The marks your blade leaves in the water after every stroke are one of the most honest pieces of coaching feedback you’ll ever get — and most rowers row straight past them. Today you’ll learn what a good puddle actually looks like and why size has nothing to do with it, what your puddles are telling you when they go wrong, and a practice tool that removes puddles entirely — and why that can be exactly what you need. Every stroke leaves a mark. Today we learn to read them.

Timestamps

01:00 The anatomy of a good puddle

This is your stroke made visible - what you actually did on that stroke. You should be aiming to make tight, swirly, deep — and no splash puddles. It's concentrated and without foamy white water around it. The depth and darkness of the water swirl indicates the power applied.

The puddle is caused by the curve at the front of the blade - as you lever the boat past the point the oar went into the water. The mound test - you want water to move effectively. Water flows and you cannot compress water with a rowing oar. This is why you can create a mound in front of the face of the spoon.
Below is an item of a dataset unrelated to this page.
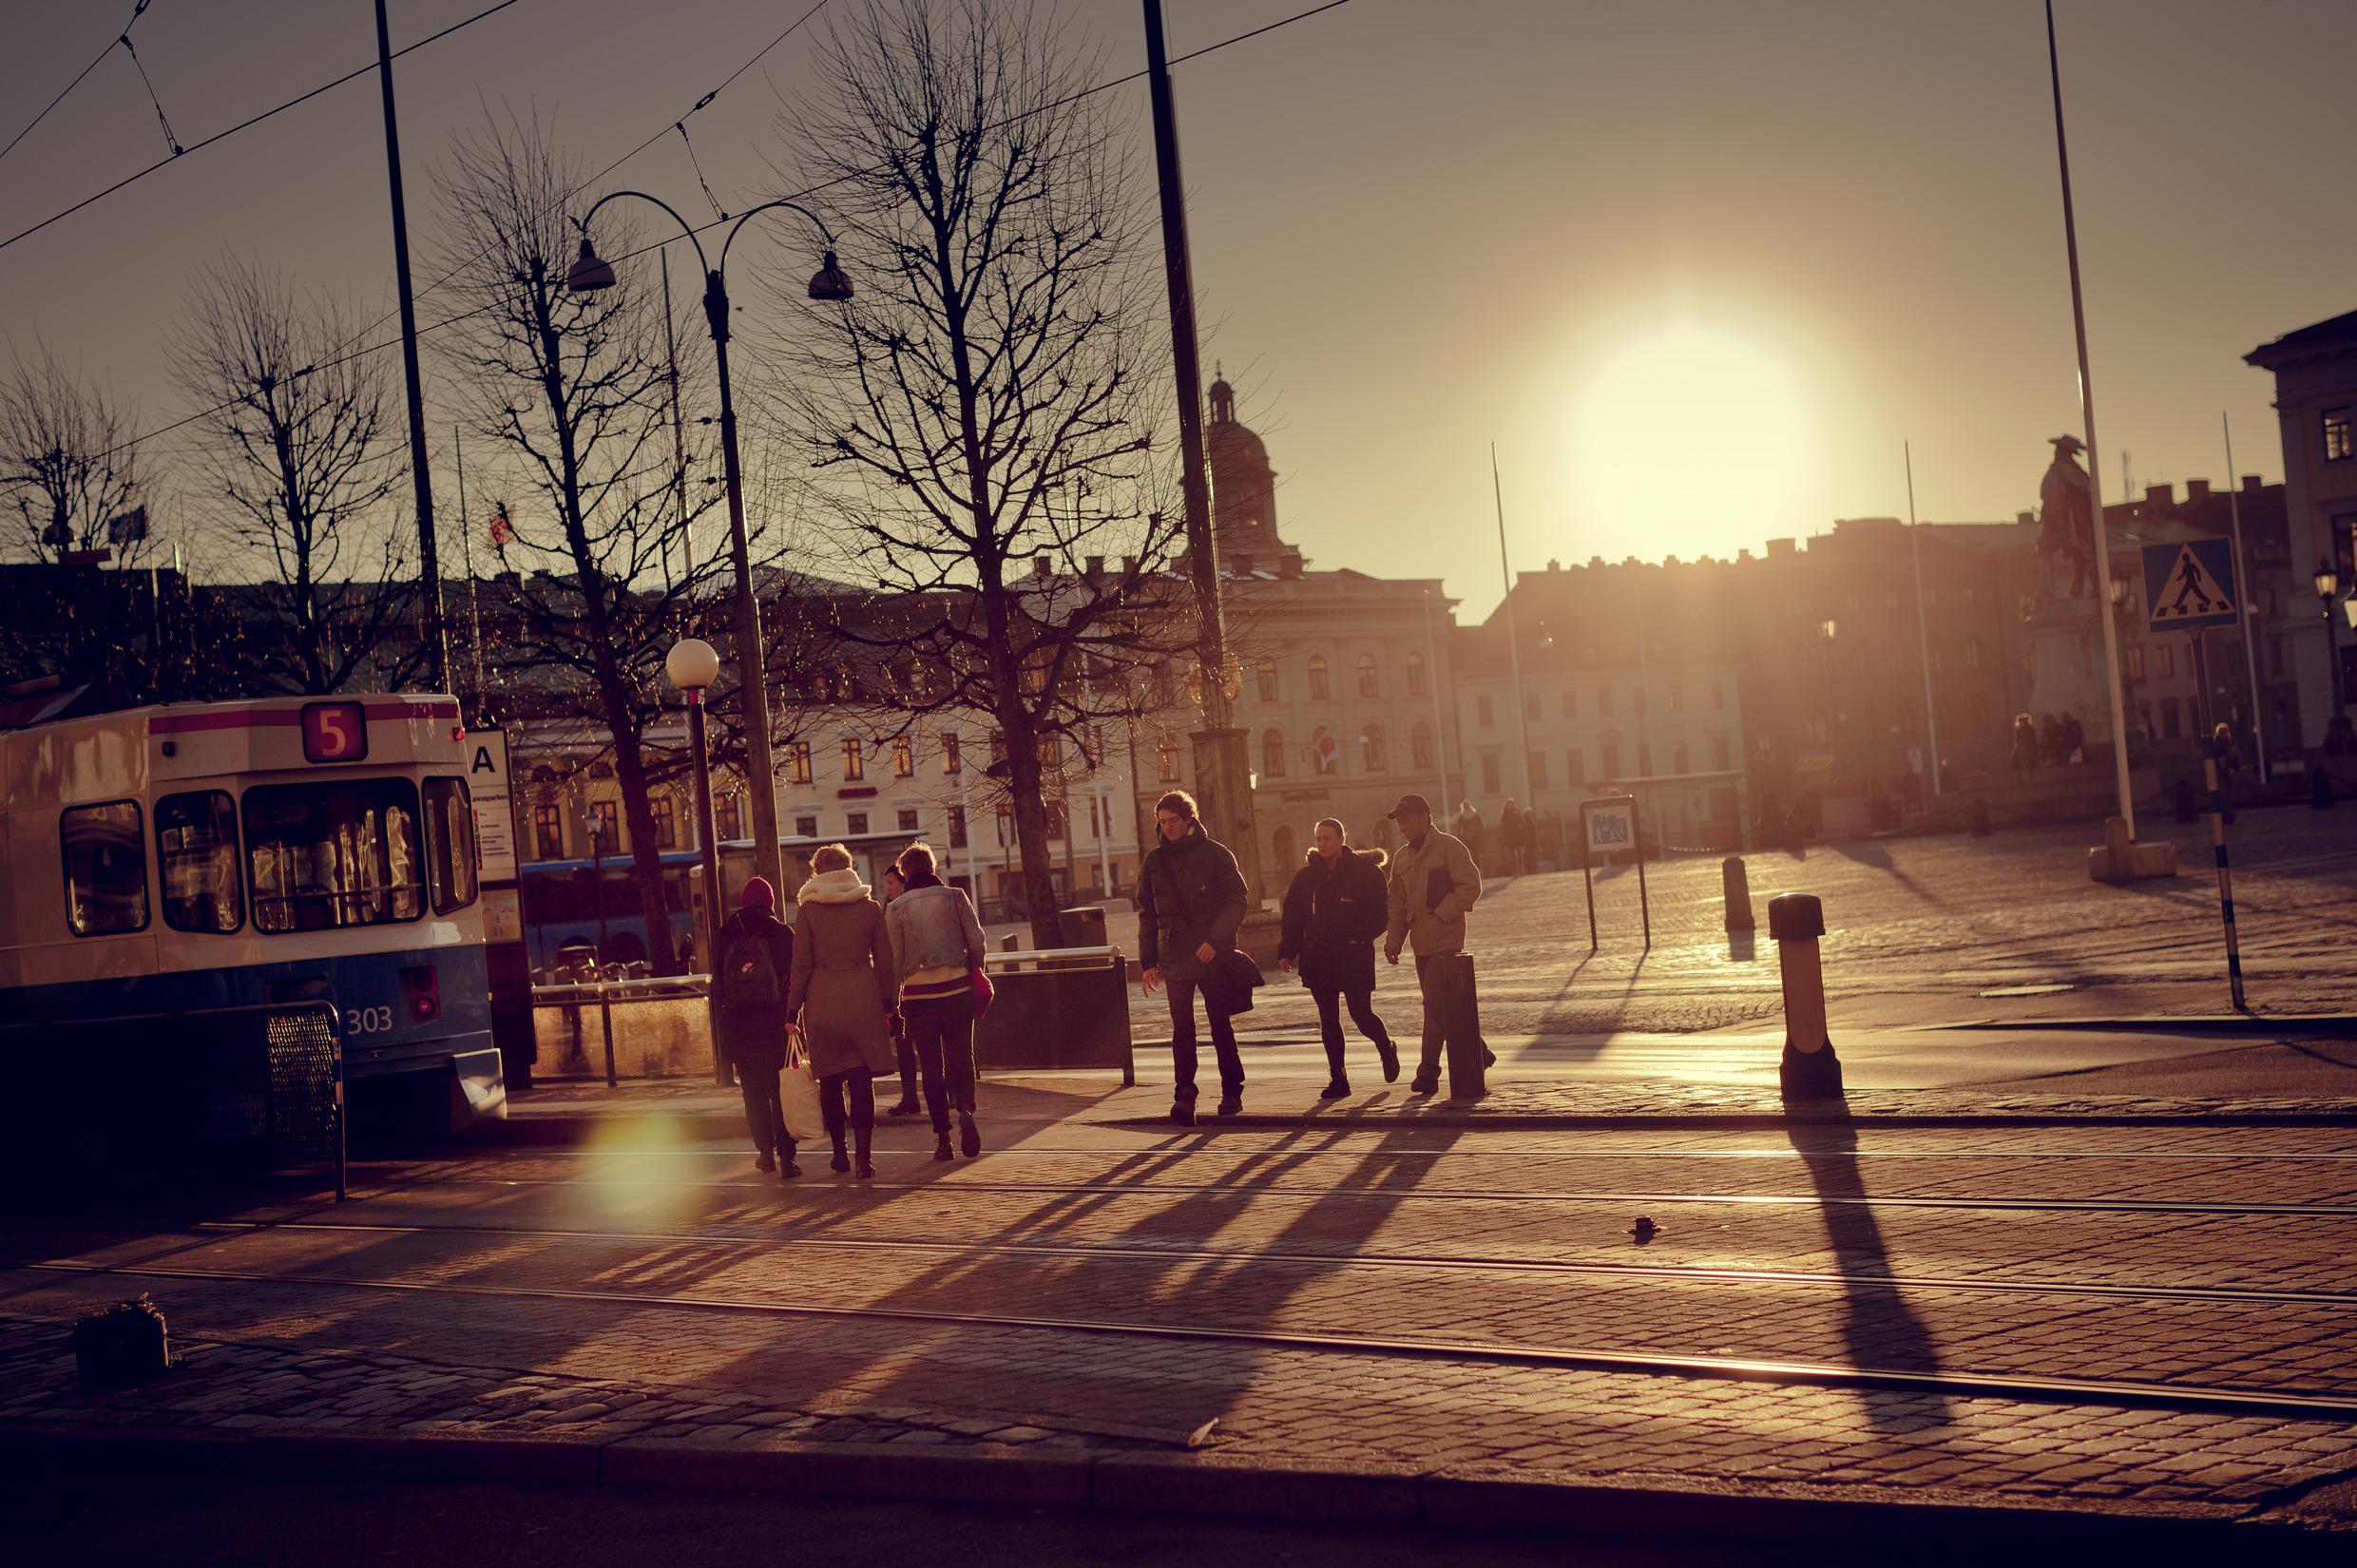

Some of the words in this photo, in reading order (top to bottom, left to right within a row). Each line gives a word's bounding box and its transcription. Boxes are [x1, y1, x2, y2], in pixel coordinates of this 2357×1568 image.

[319, 709, 346, 756] 5
[471, 746, 496, 774] A
[346, 1005, 393, 1035] 303
Look at the end of your stroke to see your mound. The water should be pushed up in front of the spoon with a corresponding hollow behind the blade spoon. Sustaining both through to the finish enables you to take the oar out of the water with very little effort. If your acceleration drops in the second half of the power phase, the mound lowers, the hollow fills up and it becomes harder to take the oar out of the water. Anyone can make a big splashy puddle by washing out - pull the handle down into your lap at the finish and you'll see the puddle changes.

04:50 Puddle Killers

What goes wrong and why?

Energy wasted on the extraction causes splash - feathering out, lack of a clean exit - these may be an indication of unnecessary energy being used to take the oar out of the water.
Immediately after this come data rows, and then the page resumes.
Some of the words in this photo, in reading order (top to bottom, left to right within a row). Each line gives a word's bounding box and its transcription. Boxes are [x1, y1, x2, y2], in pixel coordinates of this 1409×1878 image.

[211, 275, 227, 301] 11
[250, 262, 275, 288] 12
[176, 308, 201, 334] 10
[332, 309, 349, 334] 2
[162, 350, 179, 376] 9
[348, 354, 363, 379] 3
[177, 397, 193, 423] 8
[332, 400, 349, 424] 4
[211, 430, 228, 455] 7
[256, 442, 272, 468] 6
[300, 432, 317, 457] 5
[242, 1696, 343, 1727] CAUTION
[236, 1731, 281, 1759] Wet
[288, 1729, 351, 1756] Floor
The language you use can be problematic e.g. "pulling". Using your arms can mean you rip the oar against the water. Water moves as a single block at a gradient of 1:200 - rowing needs to keep the water block solid. Breaking the water block causes little air bubbles to get into the water and this makes it harder for the oar to grip the water and it becomes less effective.
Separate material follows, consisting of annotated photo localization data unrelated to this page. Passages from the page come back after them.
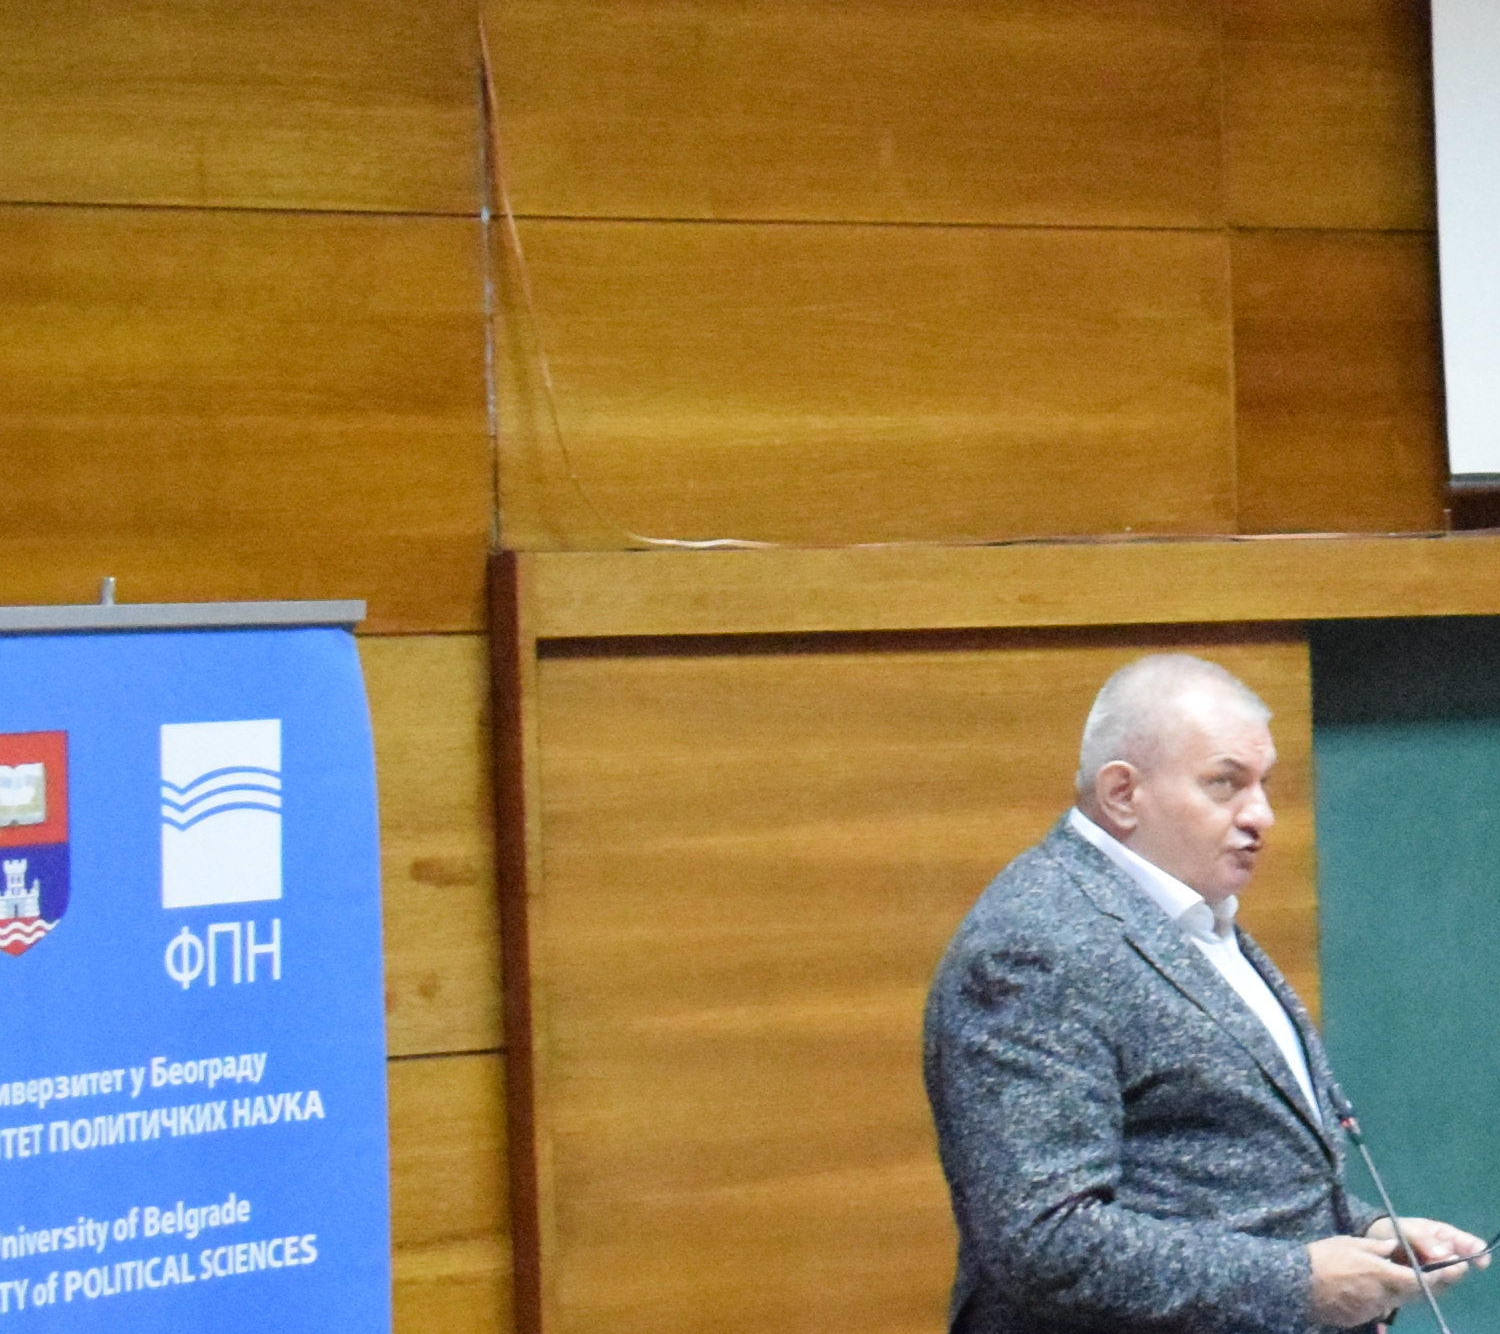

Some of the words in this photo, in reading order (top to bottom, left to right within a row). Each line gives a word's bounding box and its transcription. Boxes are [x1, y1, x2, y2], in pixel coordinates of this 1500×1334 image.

[165, 918, 282, 989] ФПН
[130, 1067, 146, 1098] у
[151, 1052, 268, 1088] Београду
[49, 1100, 227, 1153] ПОЛИТИЧКИХ
[232, 1090, 326, 1128] НАУКА
[113, 1206, 140, 1241] of
[144, 1192, 251, 1240] Belgrade
[33, 1271, 58, 1308] of
[64, 1252, 196, 1302] POLITICAL
[200, 1233, 318, 1280] SCIENCES
Use language such as burying the blade, pushing it horizontally and extracting smoothly. The boat moves forward because the water goes back relative to the boat.

07:30 Puddle-less rowing

Sometimes no puddle is the whole point. Try to row without making a puddle - this helps you to focus on your technique and if you are keeping the oar at the correct depth through the stroke and taking it out cleanly.

Try rowing with the oar only half under the water. This helps you to learn how to manage the handle which controls the oar height through the stroke. Align the catch and finish heights by controlling the handle.

What your puddles are telling you - take a look behind you from catch to finish and watch the puddle move away from the boat using peripheral vision or by turning your head to see the full stroke.